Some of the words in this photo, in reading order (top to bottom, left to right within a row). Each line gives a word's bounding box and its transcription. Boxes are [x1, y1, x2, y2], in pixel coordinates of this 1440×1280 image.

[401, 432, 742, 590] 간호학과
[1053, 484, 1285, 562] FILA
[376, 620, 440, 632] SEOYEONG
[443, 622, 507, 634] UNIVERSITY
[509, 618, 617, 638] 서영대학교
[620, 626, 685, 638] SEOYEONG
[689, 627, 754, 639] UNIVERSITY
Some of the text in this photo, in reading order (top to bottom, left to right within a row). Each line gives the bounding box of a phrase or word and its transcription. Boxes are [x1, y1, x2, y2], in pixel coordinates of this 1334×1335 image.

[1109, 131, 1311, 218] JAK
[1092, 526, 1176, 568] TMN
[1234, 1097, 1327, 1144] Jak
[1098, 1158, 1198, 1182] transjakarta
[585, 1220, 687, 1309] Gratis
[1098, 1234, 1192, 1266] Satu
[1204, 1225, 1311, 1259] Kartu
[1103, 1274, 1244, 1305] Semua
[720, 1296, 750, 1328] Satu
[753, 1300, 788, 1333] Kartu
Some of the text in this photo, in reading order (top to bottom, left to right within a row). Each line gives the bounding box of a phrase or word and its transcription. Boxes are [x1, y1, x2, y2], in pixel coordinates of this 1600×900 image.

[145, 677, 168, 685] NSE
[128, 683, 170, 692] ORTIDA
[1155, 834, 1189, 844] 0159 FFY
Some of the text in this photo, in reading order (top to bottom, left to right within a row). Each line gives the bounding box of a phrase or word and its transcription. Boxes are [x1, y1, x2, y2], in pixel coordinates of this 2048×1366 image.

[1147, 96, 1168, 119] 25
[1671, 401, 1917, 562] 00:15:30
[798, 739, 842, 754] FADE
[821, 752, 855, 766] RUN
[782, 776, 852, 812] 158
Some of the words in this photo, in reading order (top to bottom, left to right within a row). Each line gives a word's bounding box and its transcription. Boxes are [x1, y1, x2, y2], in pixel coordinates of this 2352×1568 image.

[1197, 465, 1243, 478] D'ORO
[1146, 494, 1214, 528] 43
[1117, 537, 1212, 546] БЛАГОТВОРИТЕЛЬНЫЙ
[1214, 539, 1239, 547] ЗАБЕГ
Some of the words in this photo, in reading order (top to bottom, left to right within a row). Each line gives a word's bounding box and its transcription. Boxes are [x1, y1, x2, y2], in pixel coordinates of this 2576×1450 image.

**Task**
Return a faithful copy of all the records above.

**Response box**
Some of the words in this photo, in reading order (top to bottom, left to right within a row). Each line gives a word's bounding box and its transcription. Boxes are [x1, y1, x2, y2], in pixel coordinates of this 1440×1280 image.

[401, 432, 742, 590] 간호학과
[1053, 484, 1285, 562] FILA
[376, 620, 440, 632] SEOYEONG
[443, 622, 507, 634] UNIVERSITY
[509, 618, 617, 638] 서영대학교
[620, 626, 685, 638] SEOYEONG
[689, 627, 754, 639] UNIVERSITY
Some of the text in this photo, in reading order (top to bottom, left to right within a row). Each line gives the bounding box of a phrase or word and its transcription. Boxes are [x1, y1, x2, y2], in pixel coordinates of this 1334×1335 image.

[1109, 131, 1311, 218] JAK
[1092, 526, 1176, 568] TMN
[1234, 1097, 1327, 1144] Jak
[1098, 1158, 1198, 1182] transjakarta
[585, 1220, 687, 1309] Gratis
[1098, 1234, 1192, 1266] Satu
[1204, 1225, 1311, 1259] Kartu
[1103, 1274, 1244, 1305] Semua
[720, 1296, 750, 1328] Satu
[753, 1300, 788, 1333] Kartu
Some of the text in this photo, in reading order (top to bottom, left to right within a row). Each line gives the bounding box of a phrase or word and its transcription. Boxes are [x1, y1, x2, y2], in pixel coordinates of this 1600×900 image.

[145, 677, 168, 685] NSE
[128, 683, 170, 692] ORTIDA
[1155, 834, 1189, 844] 0159 FFY
Some of the text in this photo, in reading order (top to bottom, left to right within a row). Each line gives the bounding box of a phrase or word and its transcription. Boxes are [x1, y1, x2, y2], in pixel coordinates of this 2048×1366 image.

[1147, 96, 1168, 119] 25
[1671, 401, 1917, 562] 00:15:30
[798, 739, 842, 754] FADE
[821, 752, 855, 766] RUN
[782, 776, 852, 812] 158
Some of the words in this photo, in reading order (top to bottom, left to right within a row). Each line gives a word's bounding box and its transcription. Boxes are [x1, y1, x2, y2], in pixel coordinates of this 2352×1568 image.

[1197, 465, 1243, 478] D'ORO
[1146, 494, 1214, 528] 43
[1117, 537, 1212, 546] БЛАГОТВОРИТЕЛЬНЫЙ
[1214, 539, 1239, 547] ЗАБЕГ
Some of the words in this photo, in reading order (top to bottom, left to right within a row). Each line gives a word's bounding box and its transcription. Boxes are [x1, y1, x2, y2], in pixel coordinates of this 2576×1450 image.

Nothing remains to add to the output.